Vivian Medina

Through her doctoral thesis, Vivian Medina materialised her dream of combining her two greatest passions: dance and applied yogic science. Vivian’s thesis earned a place on the prestigious Dean’s List in 2023.

Programme: PhD in Dance Studies
Supervisors: Dr Becca Weber, Dr Emma Willis & Dr Mark Harvey 
Funding: University of Auckland Doctoral Scholarship 

Journey to doctoral research

“I was born in Bogotá, the capital city of Colombia, however, during the first years of my early childhood I grew up in an Indigenous territory in southeastern highlands of Colombia, also known as Cauca or Nasa territory. At the age of 4 I returned to Bogotá with my family.

“Since 2000, I have navigated the waters of artistic practice and spirituality (Yogic science and meditation). Without knowing it, my interest in transdisciplinarity started in 2002 with the encounter between different artlangs (artistic languages) such as theatre, contemporary dance and the notion of dramaturgy.

“In 2023, I completed my PhD in Dance Studies at the University of Auckland with the thesis Toroidal Dance: a yogic perspective of choreography, transdisciplinarity and dance dramaturgy.”

Life as a researcher

“My thesis is a very unique transdisciplinary weave that reflects insights and work developed over more than 20 years of studies in the field of yogic science, choreography and performing arts. In my thesis I propose some of the contributions that yogic science can bring to the creative/choreographic field and how specific yogic concepts can be creatively translated and explored in choreographic practice. I was inspired by the cornerstone Kundalini Yoga meditation, Long Ek Ong Kar, to use the physical and mathematical concept of the torus/toroid (donut-shaped pattern) to create a point of convergence between yogic science and choreographic/creative perspectives.

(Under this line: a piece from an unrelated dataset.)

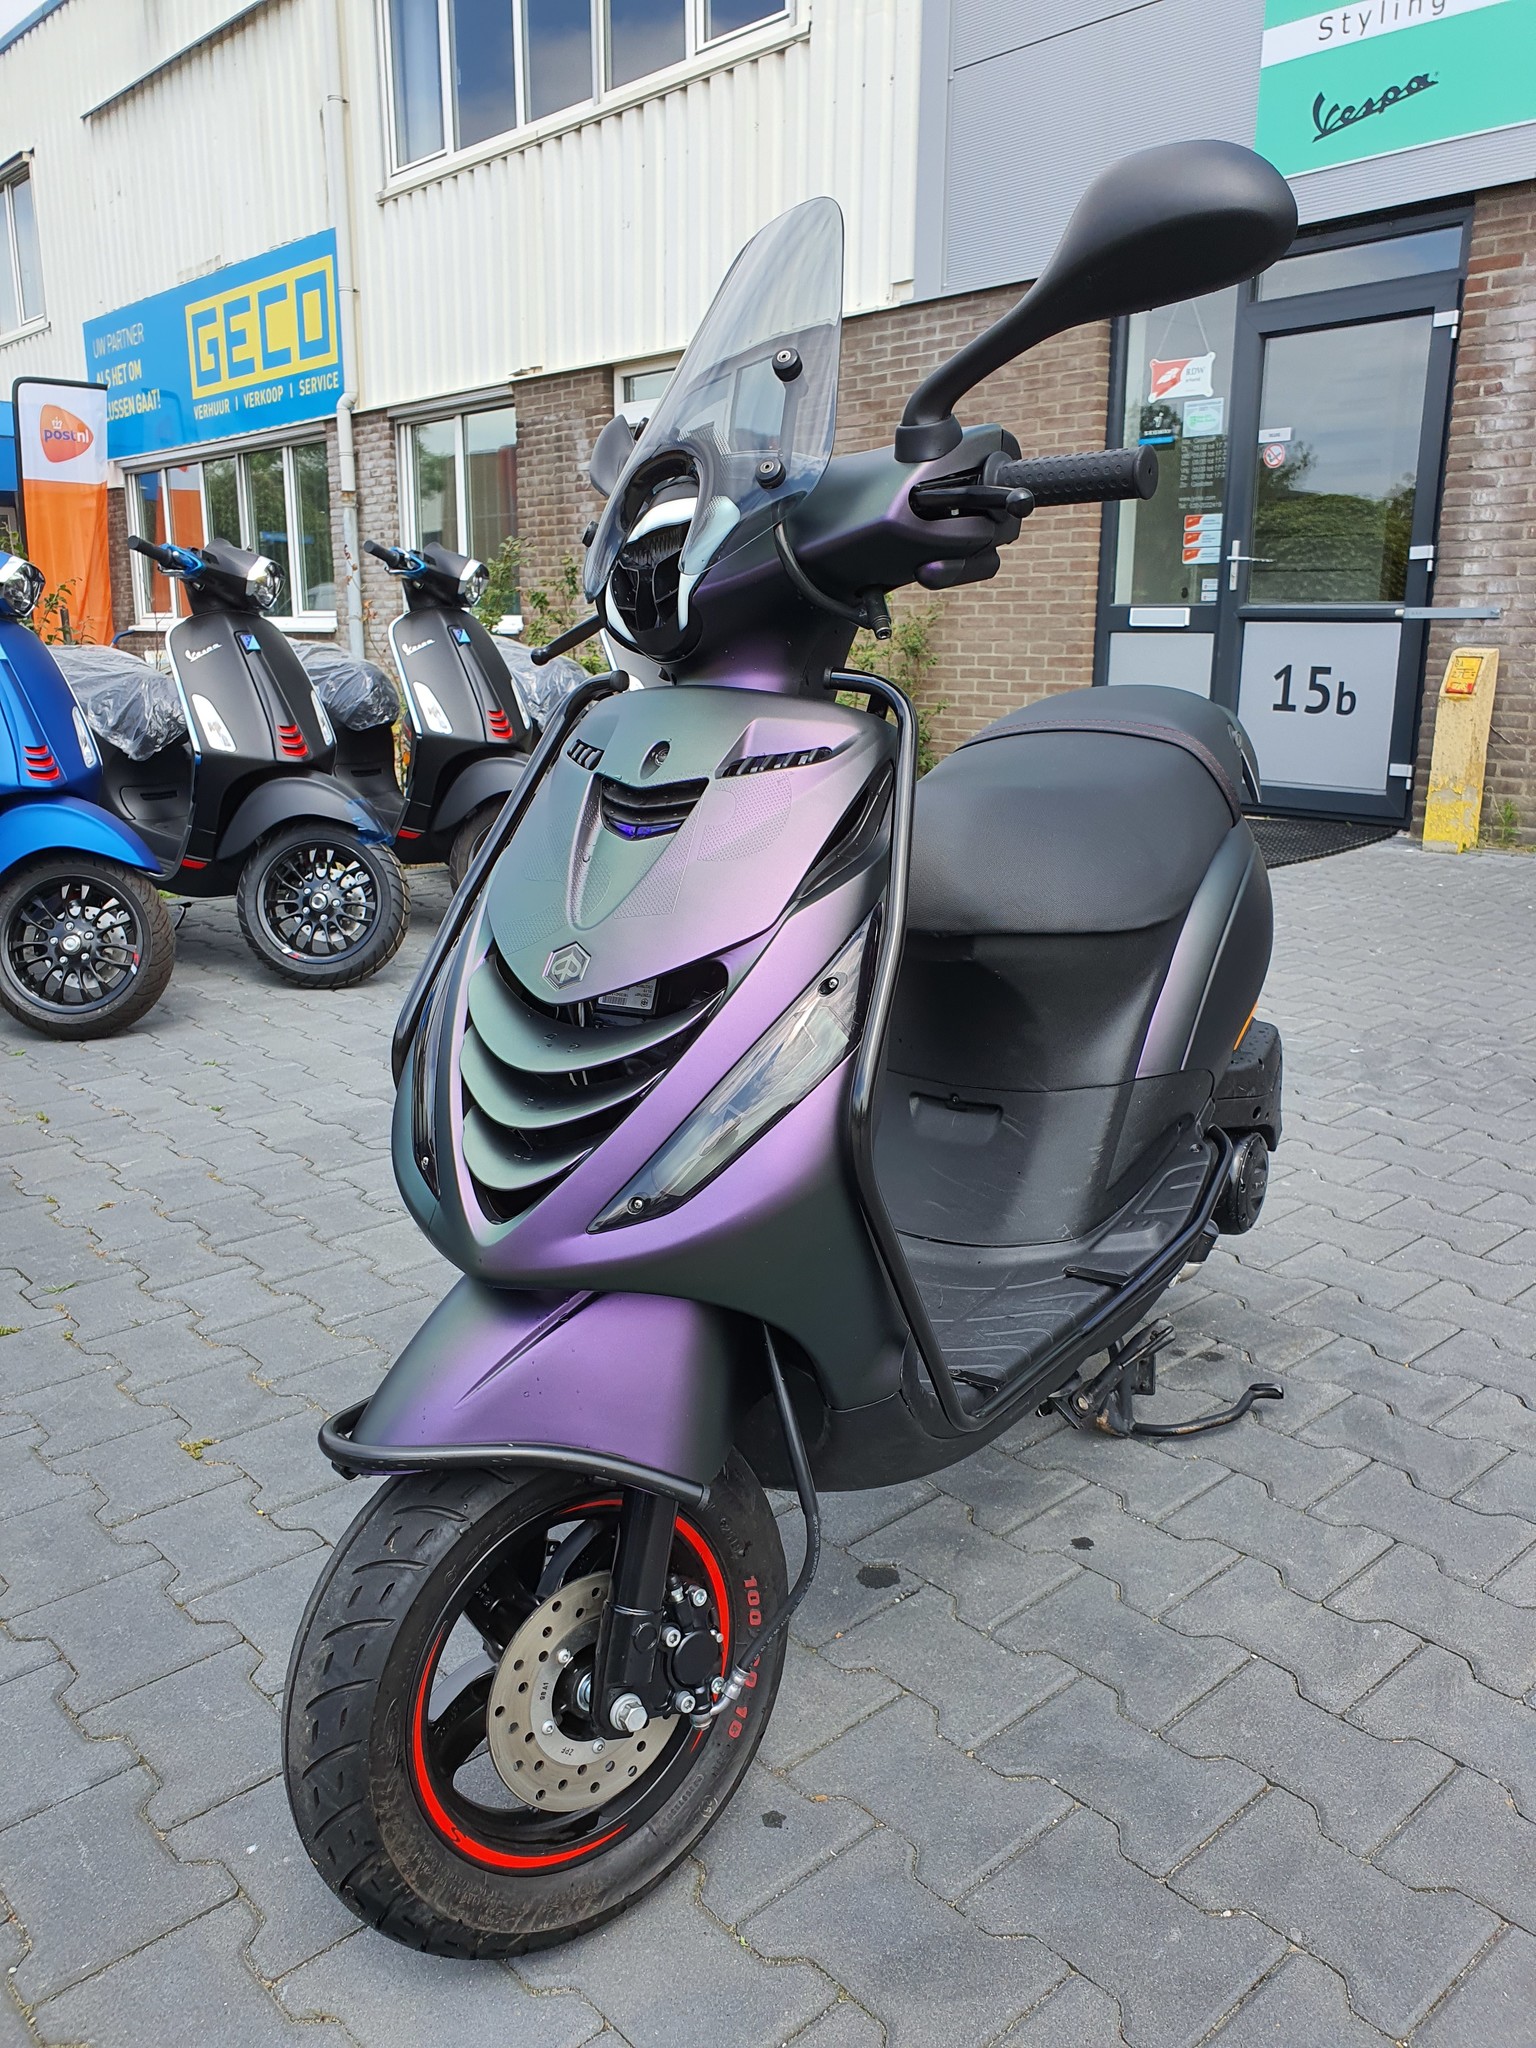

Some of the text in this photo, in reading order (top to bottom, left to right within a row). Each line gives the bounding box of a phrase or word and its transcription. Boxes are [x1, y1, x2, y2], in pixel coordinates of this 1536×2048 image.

“The complexity of my thesis involved seven layers: transdisciplinarity, yogic science (subtle nature), toroidal pattern, healing, dance dramaturgy (as subtle communication), multidimensionality and wholeness. From this structure I was involved with concepts from multiple areas of the knowledge like yogic science and philosophy, somatics, physics, mathematics, geometry, neuroscience, and trauma studies to explore how performing arts, dance, and yoga are holistically intertwined.

“This structure, as well as the documentation devices I created to present my creative practice component, led to my name and thesis being awarded on the Dean's List."

Through this thesis I have materialised my dream of bringing my two greatest passions in life together, dance and applied yogic science. 

Vivian Medina

"I have also developed significant tools especially in the field of dance and healing that have given me the pleasure of working with amazing communities here in New Zealand, such as immigrants, refugees and victims of violence. The fact of taking the artist's work to a different realm where the arts can serve to repair and return to one's authenticity and creative expression is something priceless for me.”

Advice for other doctoral candidates

“My advice to PhD candidates is to trust your own voice and instincts and don't be afraid to explore new territories that seem unfamiliar or a little crazy. In my opinion, the most powerful gift a PhD can leave in our lives is the capacity to find our own creative voice and personal research signature.”